▸ WHAT YOU SHOULD DO:
Pictures do not belong in the copy. Return all of the entries exactly.

▸ GIVEN INFORMATION:
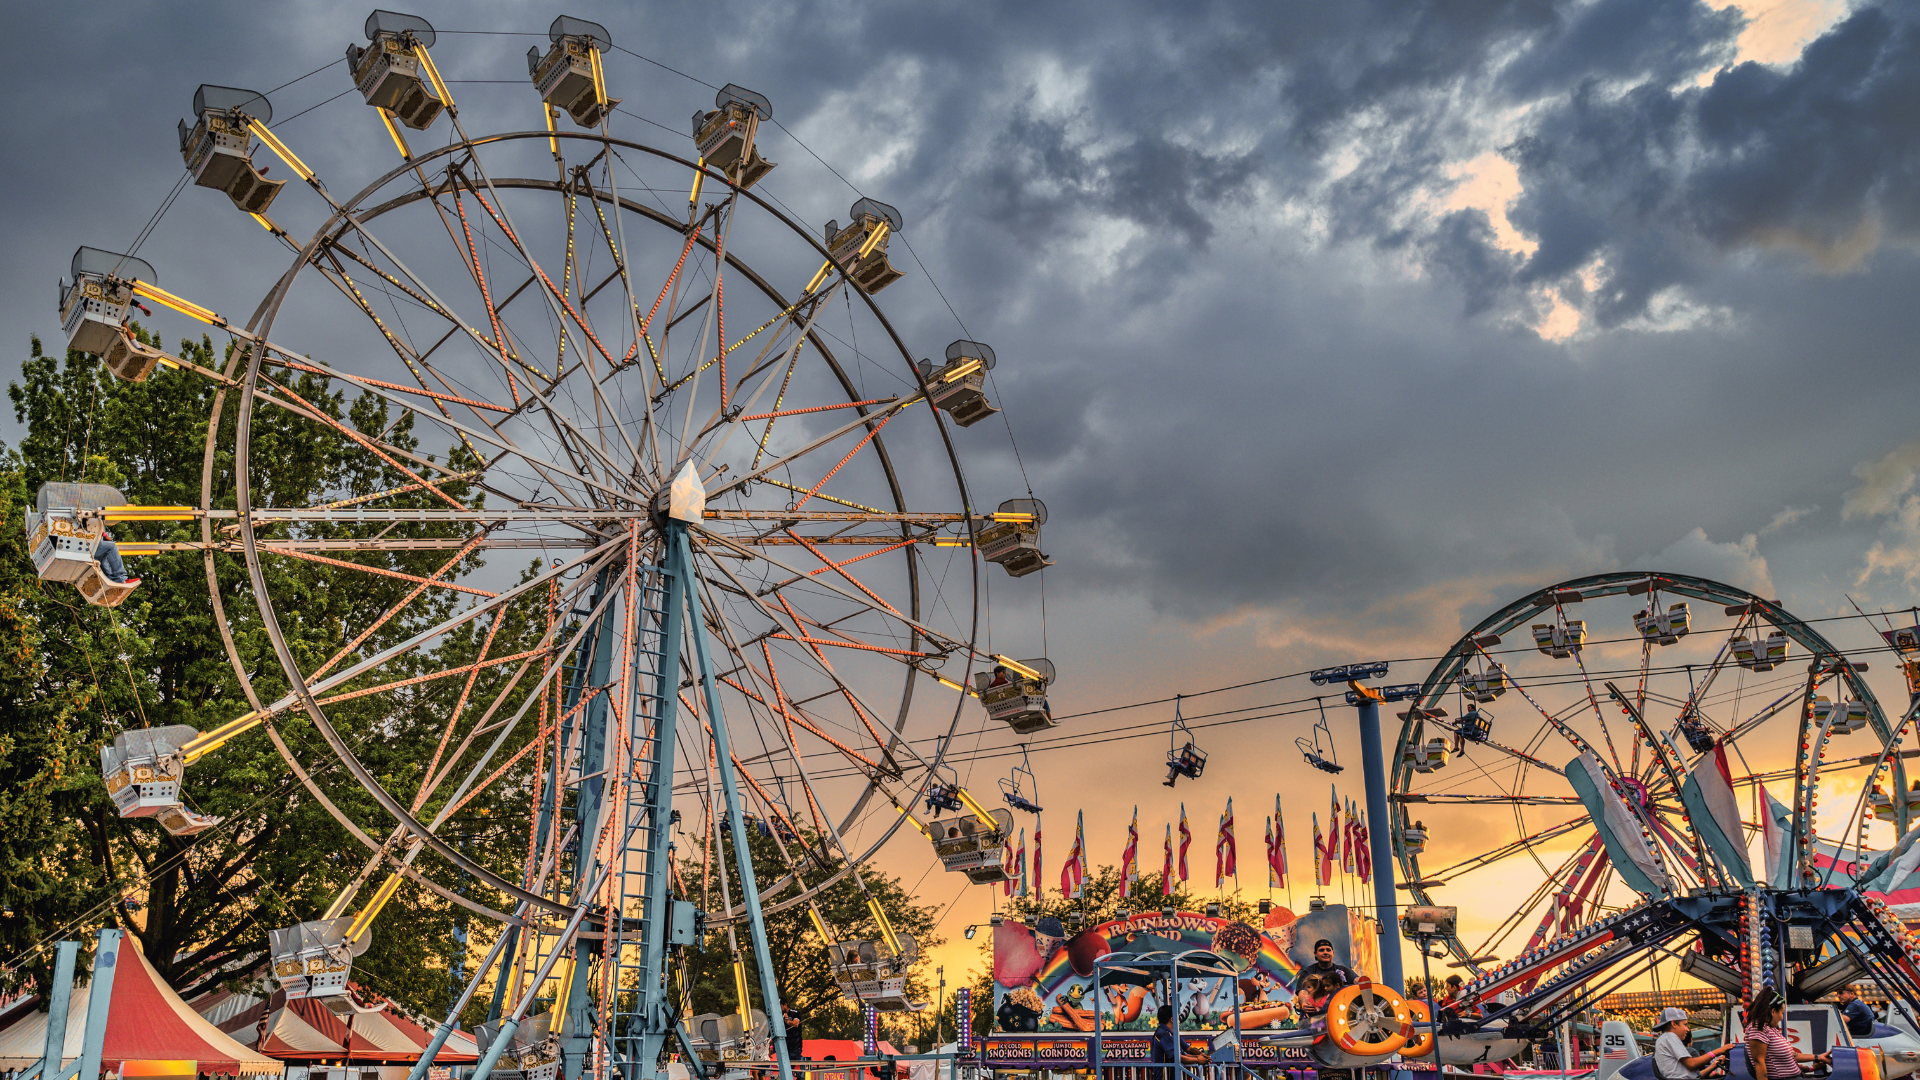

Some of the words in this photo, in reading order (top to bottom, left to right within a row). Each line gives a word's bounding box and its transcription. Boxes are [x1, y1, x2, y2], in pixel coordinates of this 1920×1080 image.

[1108, 916, 1218, 938] RAINBOW'S
[1605, 1035, 1625, 1046] 35
[1041, 1049, 1063, 1058] CORN
[1064, 1049, 1086, 1058] DOGS
[1106, 1049, 1146, 1058] APPLES
[1248, 1048, 1275, 1058] DOGS
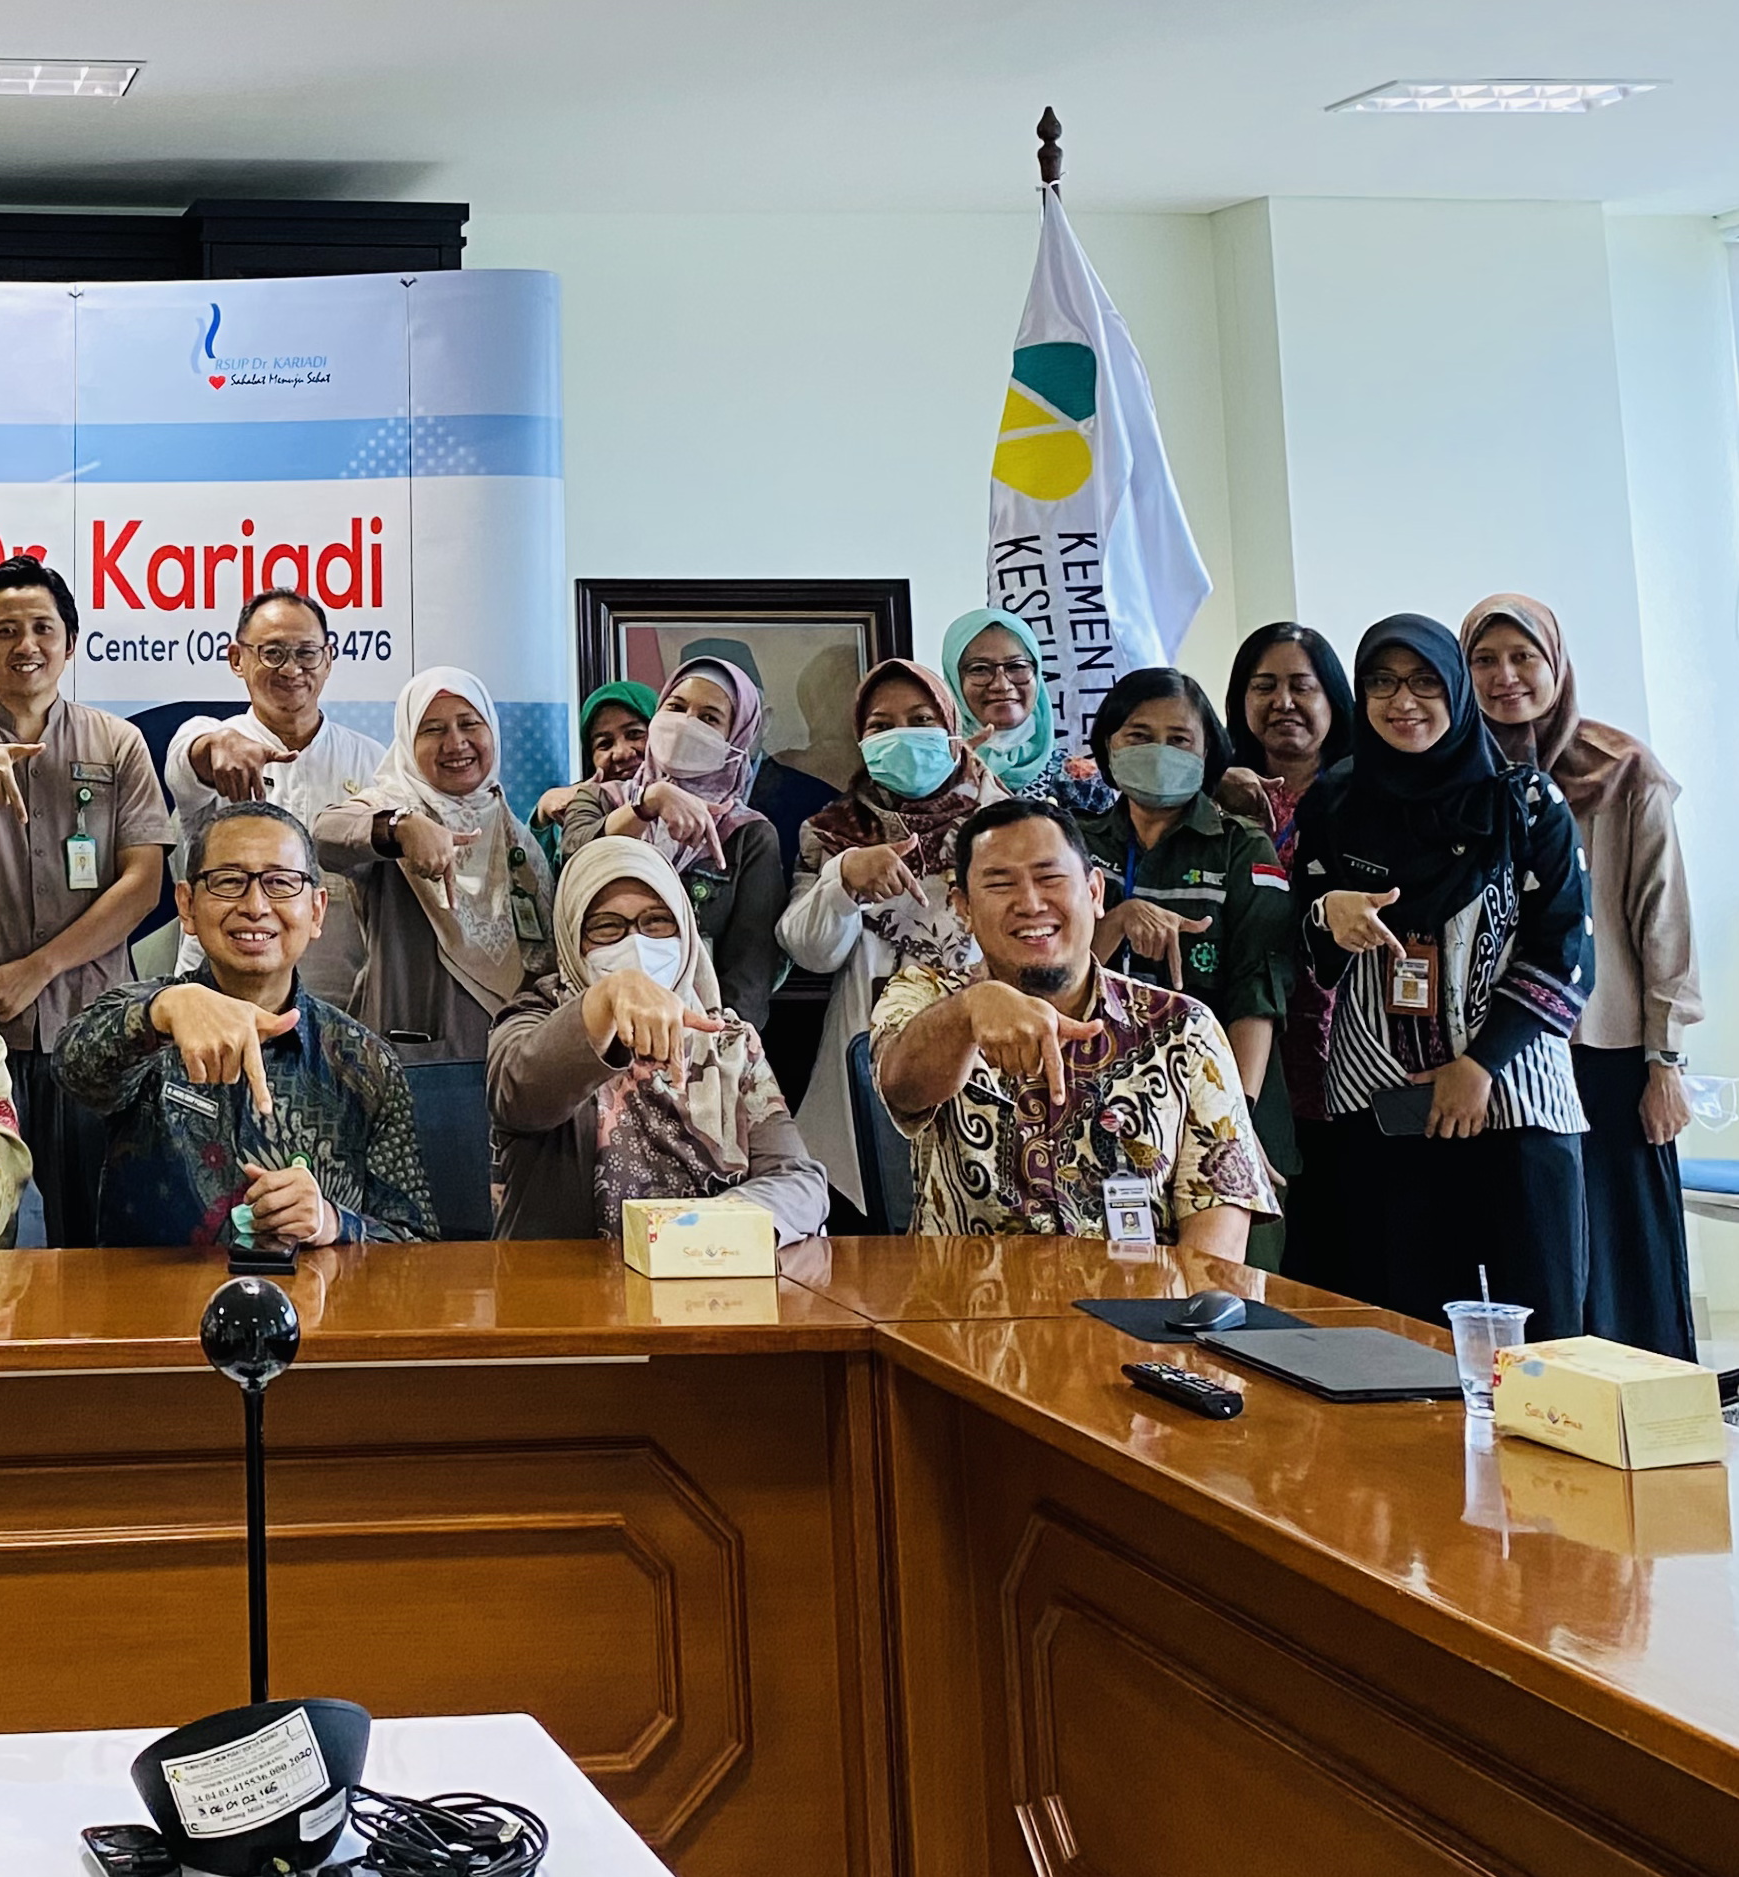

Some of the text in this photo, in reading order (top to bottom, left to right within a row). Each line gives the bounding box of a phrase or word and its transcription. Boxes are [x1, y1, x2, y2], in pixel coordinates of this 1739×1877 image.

[215, 358, 249, 370] RSUP
[273, 356, 327, 369] KARIADI
[231, 371, 331, 388] Sahabat Menuju Sehat
[92, 516, 383, 611] Kariadi
[86, 631, 179, 662] Center
[187, 629, 232, 665] (02
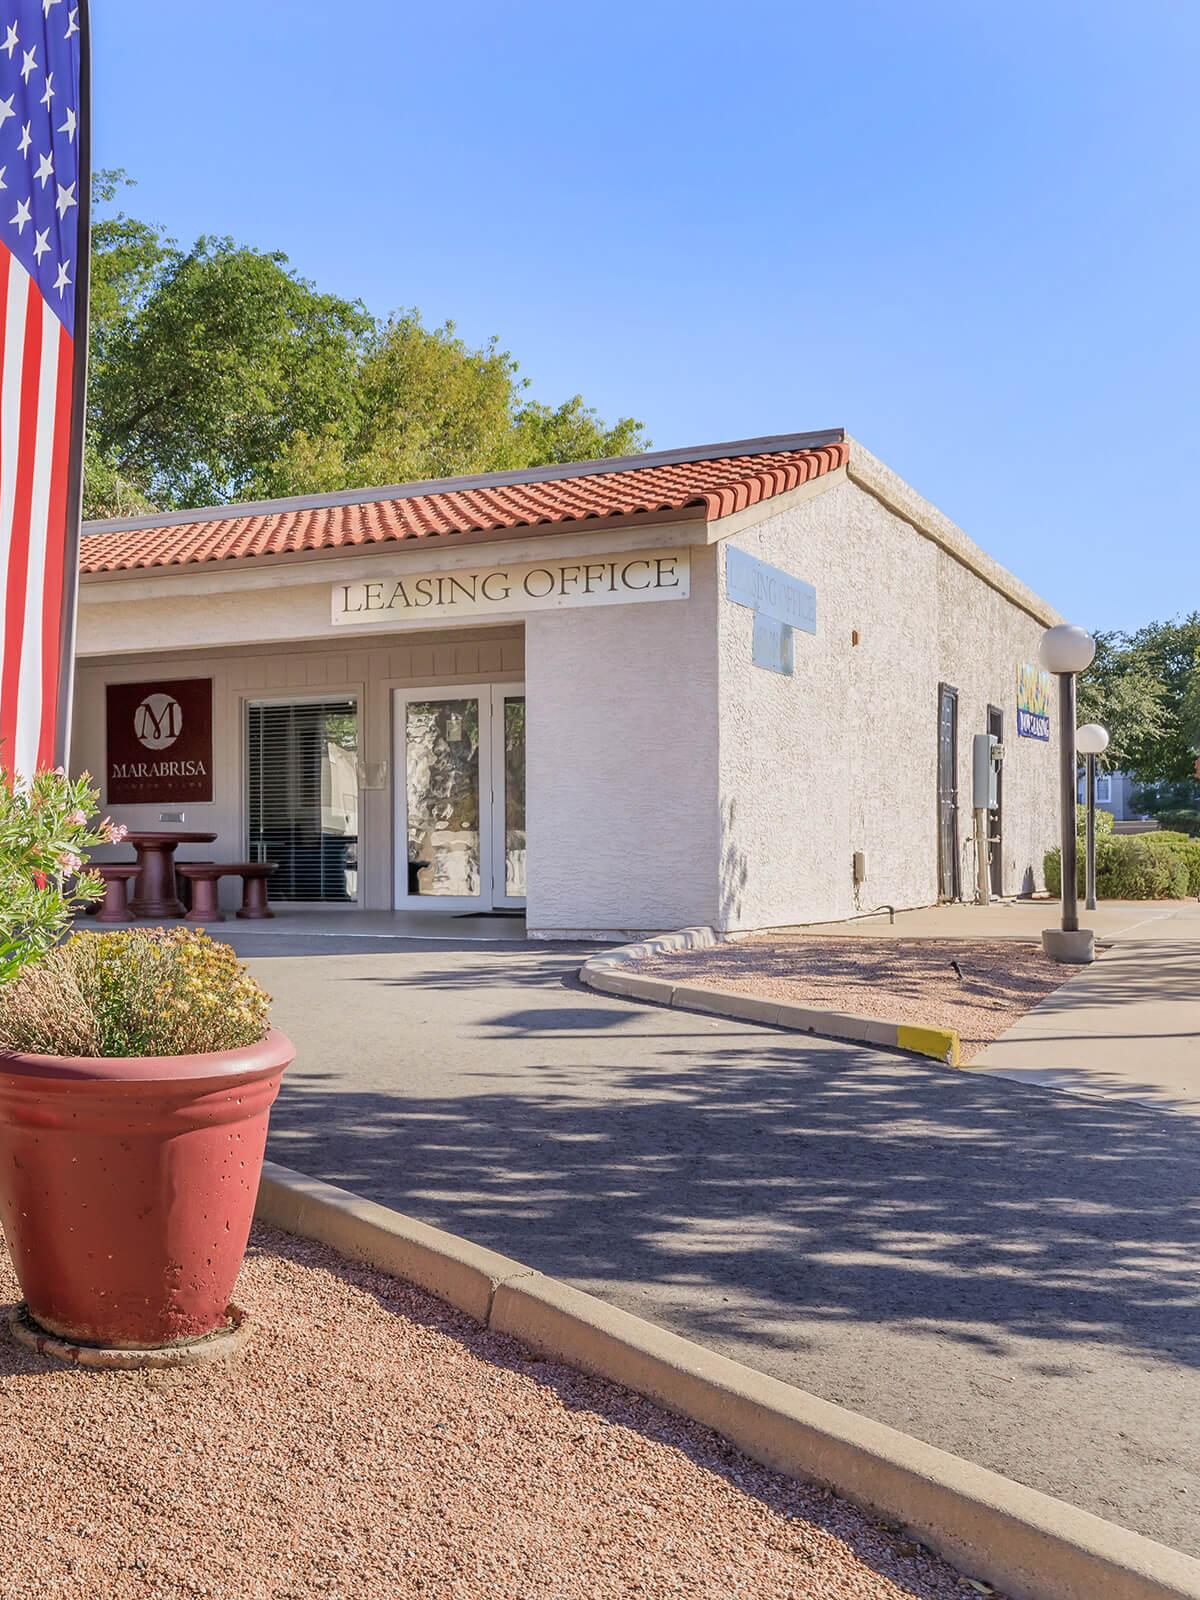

▸ ANSWER SPACE:
Some of the words in this photo, in reading order (top to bottom, left to right within a row). Each line gives a word's bounding box and its transcription. Boxes are [x1, y1, x2, y2], in pixel coordinates of this 1920×1080 image.

[1108, 916, 1218, 938] RAINBOW'S
[1605, 1035, 1625, 1046] 35
[1041, 1049, 1063, 1058] CORN
[1064, 1049, 1086, 1058] DOGS
[1106, 1049, 1146, 1058] APPLES
[1248, 1048, 1275, 1058] DOGS

Some of the text in this photo, in reading order (top to bottom, left to right within a row). Each line gives the bounding box of a phrase or word and its transcription. Boxes are [x1, y1, x2, y2], in pixel coordinates of this 1739×1877 image.

[215, 358, 249, 370] RSUP
[273, 356, 327, 369] KARIADI
[231, 371, 331, 388] Sahabat Menuju Sehat
[92, 516, 383, 611] Kariadi
[86, 631, 179, 662] Center
[187, 629, 232, 665] (02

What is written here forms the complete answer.